▶ Task
Reproduce the listing word for word, leaving every picture behind.

▶ Supplied entries
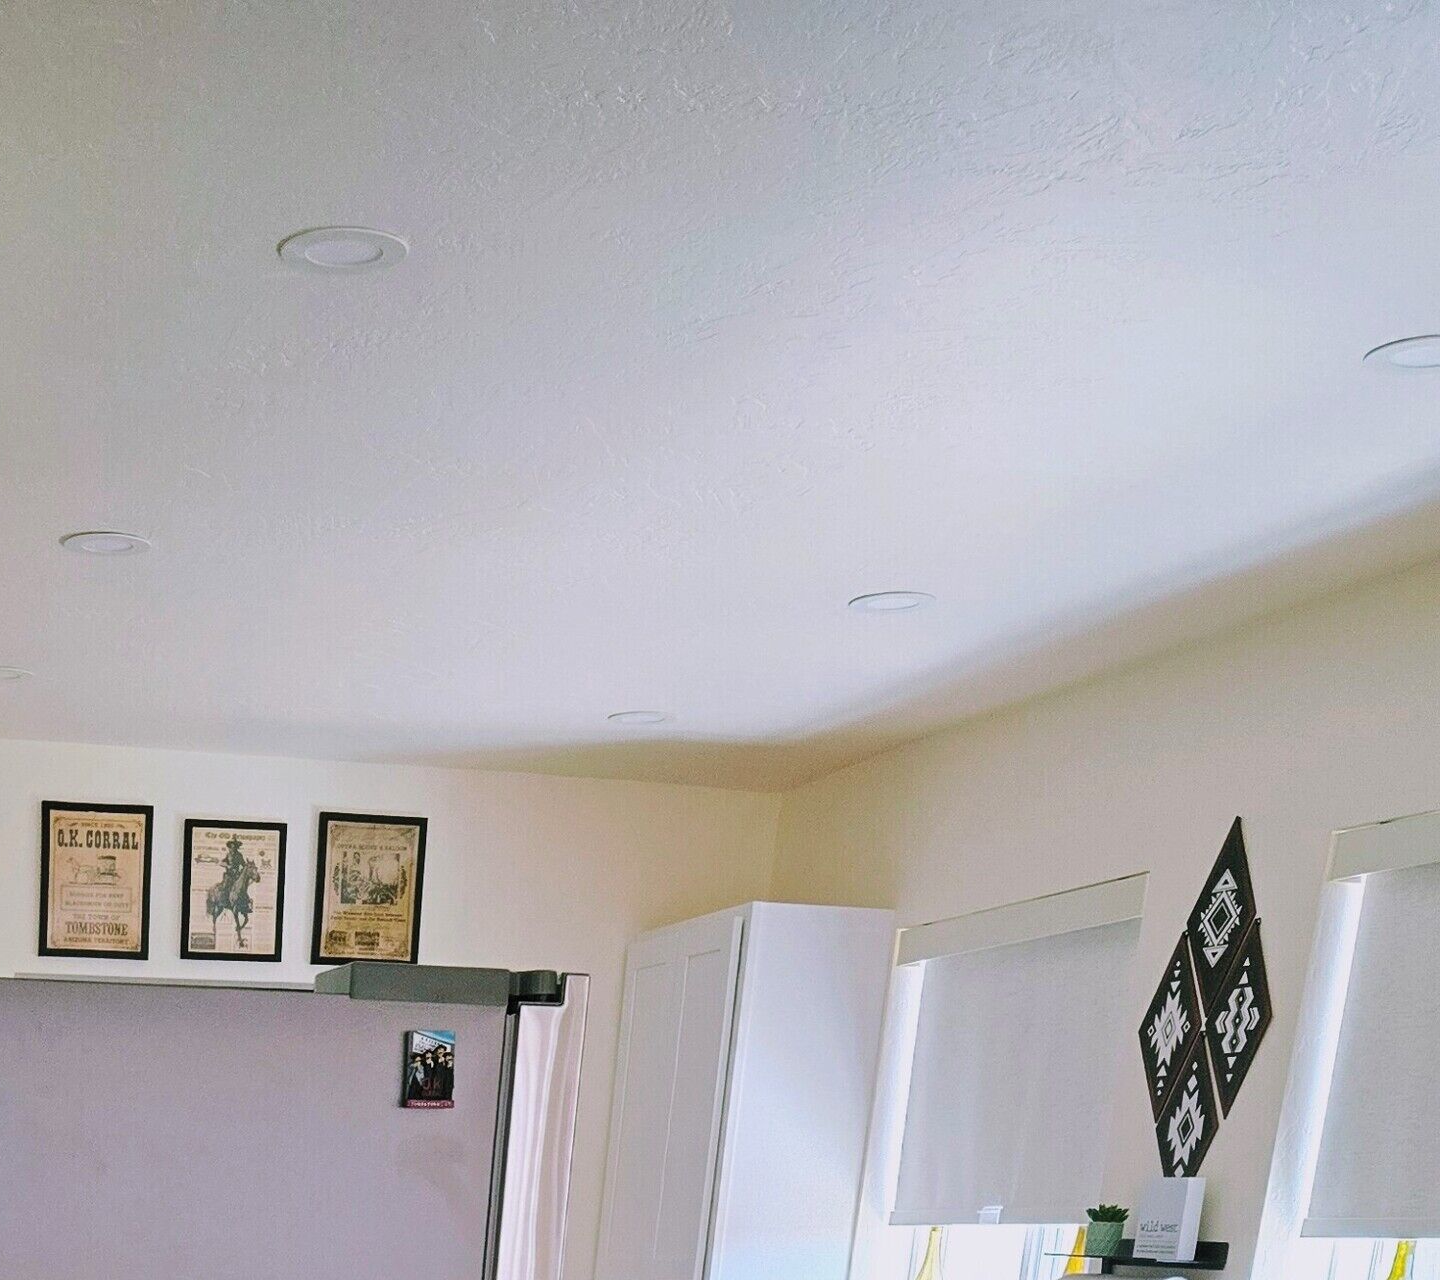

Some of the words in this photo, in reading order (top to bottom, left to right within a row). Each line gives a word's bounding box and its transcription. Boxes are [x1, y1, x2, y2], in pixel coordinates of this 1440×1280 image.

[57, 829, 83, 848] O.K.
[86, 830, 139, 850] CORRAL
[65, 921, 129, 936] TOMBSTONE
[1140, 1220, 1160, 1232] wild
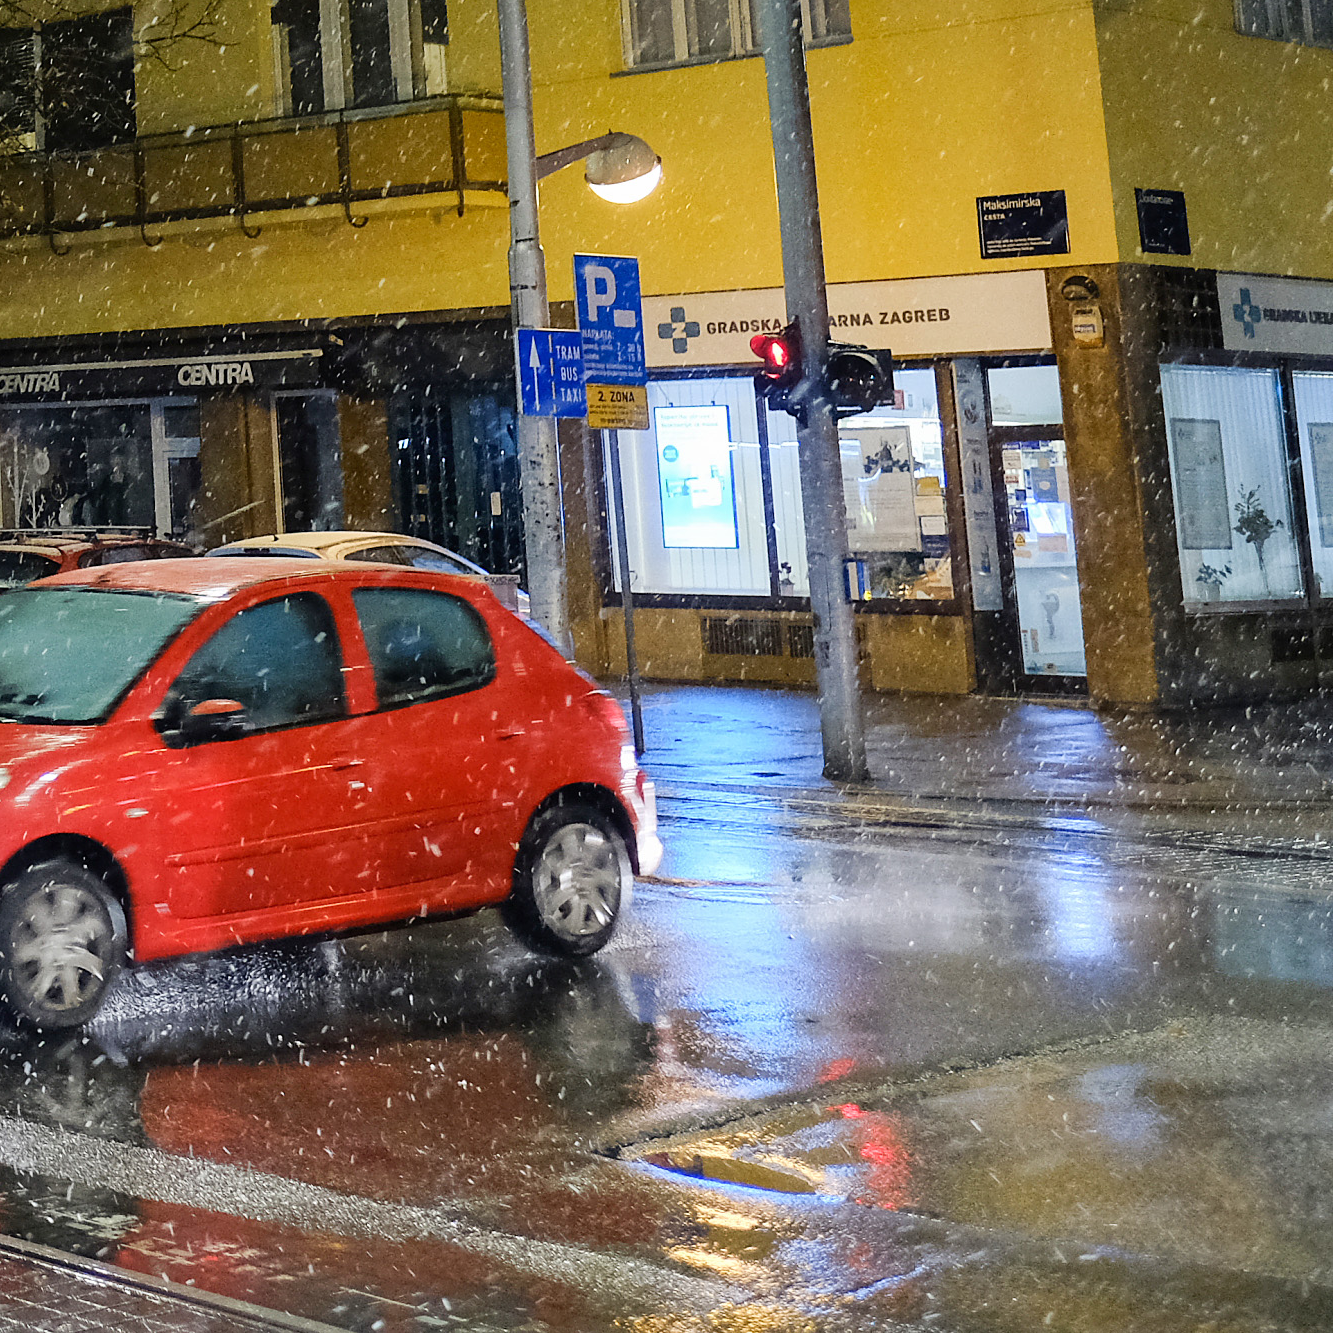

▶ Expected answer
Some of the words in this photo, in reading order (top to bottom, left to right within a row). Each line gives a word's bounding box and its transcription. Boxes are [x1, y1, x2, y2], in pixel coordinates of this 1440×1280 image.

[57, 829, 83, 848] O.K.
[86, 830, 139, 850] CORRAL
[65, 921, 129, 936] TOMBSTONE
[1140, 1220, 1160, 1232] wild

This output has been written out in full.